Cell Growth Differ. 1995 Dec;6(12):1609-17.
Recent studies have implicated a loss of WT1 tumor suppressor gene function in the development of Wilms' tumor (WT). To determine the potential biological consequences of WT1 inactivation in these tumors, we transfected two different splice variant forms of this gene into the pediatric kidney-derived cell line G401. Introduction of this gene caused no detectable effects on the population doubling times of the cell line; proliferative capacity in soft agar was not significantly affected. However, the expression of this gene altered the morphology of the cells in culture and caused a significant suppression of tumorigenicity in the cells. Thus, the expression of WT1 in a pediatric kidney-derived cell line lacking endogenous WT1 production caused demonstrable effects on its in vitro and in vivo growth properties.
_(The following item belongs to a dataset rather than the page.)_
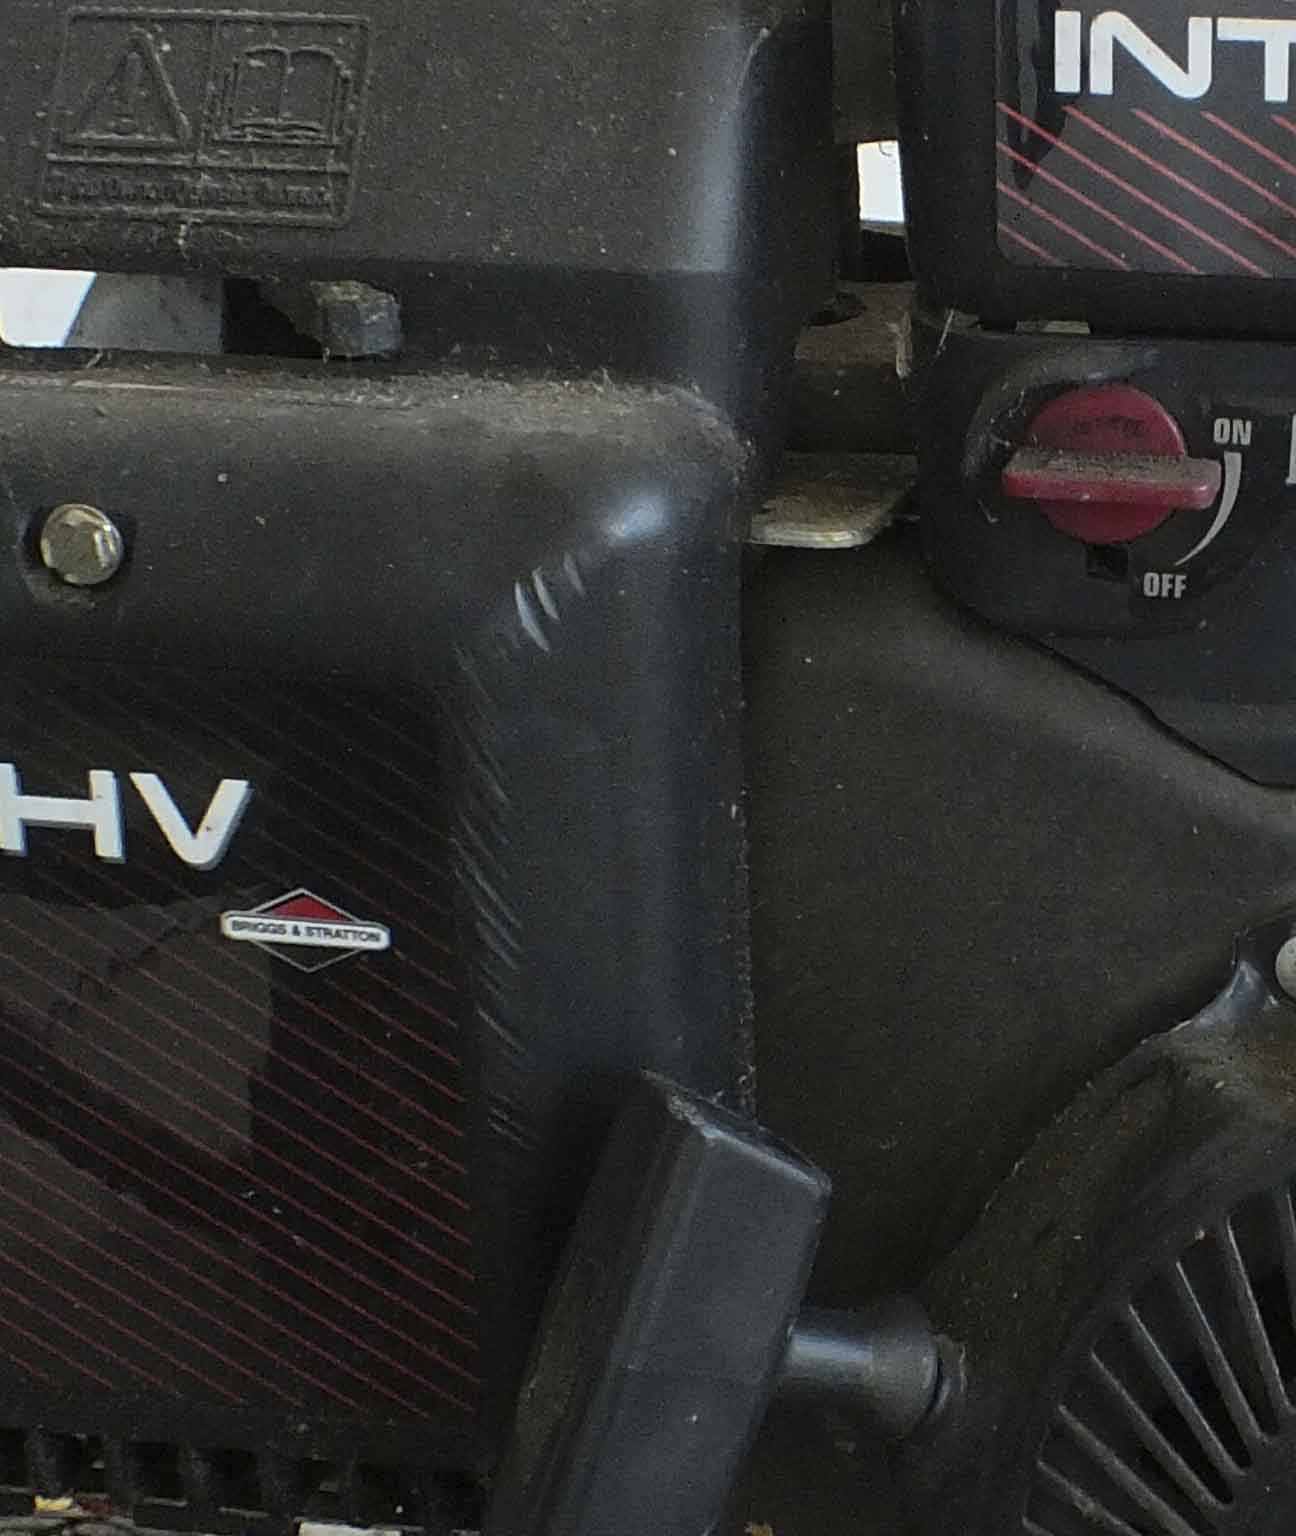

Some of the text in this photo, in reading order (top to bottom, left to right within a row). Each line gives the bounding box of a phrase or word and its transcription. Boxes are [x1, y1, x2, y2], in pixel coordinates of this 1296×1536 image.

[1213, 416, 1253, 448] ON
[1143, 571, 1188, 600] OFF
[231, 918, 381, 943] BRIGGS & STRATTON
These data strengthen the concept for a central role for WT1 inactivation in the etiology of this disease.
最近的研究表明,WT1肿瘤抑制基因功能的丧失与肾母细胞瘤(WT)的发生有关。为了确定WT1失活在这些肿瘤中的潜在生物学后果,我们将该基因的两种不同剪接变体形式转染到源自小儿肾脏的细胞系G401中。该基因的导入对细胞系的群体倍增时间没有可检测到的影响;软琼脂中的增殖能力也未受到显著影响。然而,该基因的表达改变了培养细胞的形态,并显著抑制了细胞的致瘤性。因此,在缺乏内源性WT1产生的源自小儿肾脏的细胞系中WT1的表达对其体外和体内生长特性产生了明显影响。这些数据强化了WT1失活在该疾病病因中起核心作用的概念。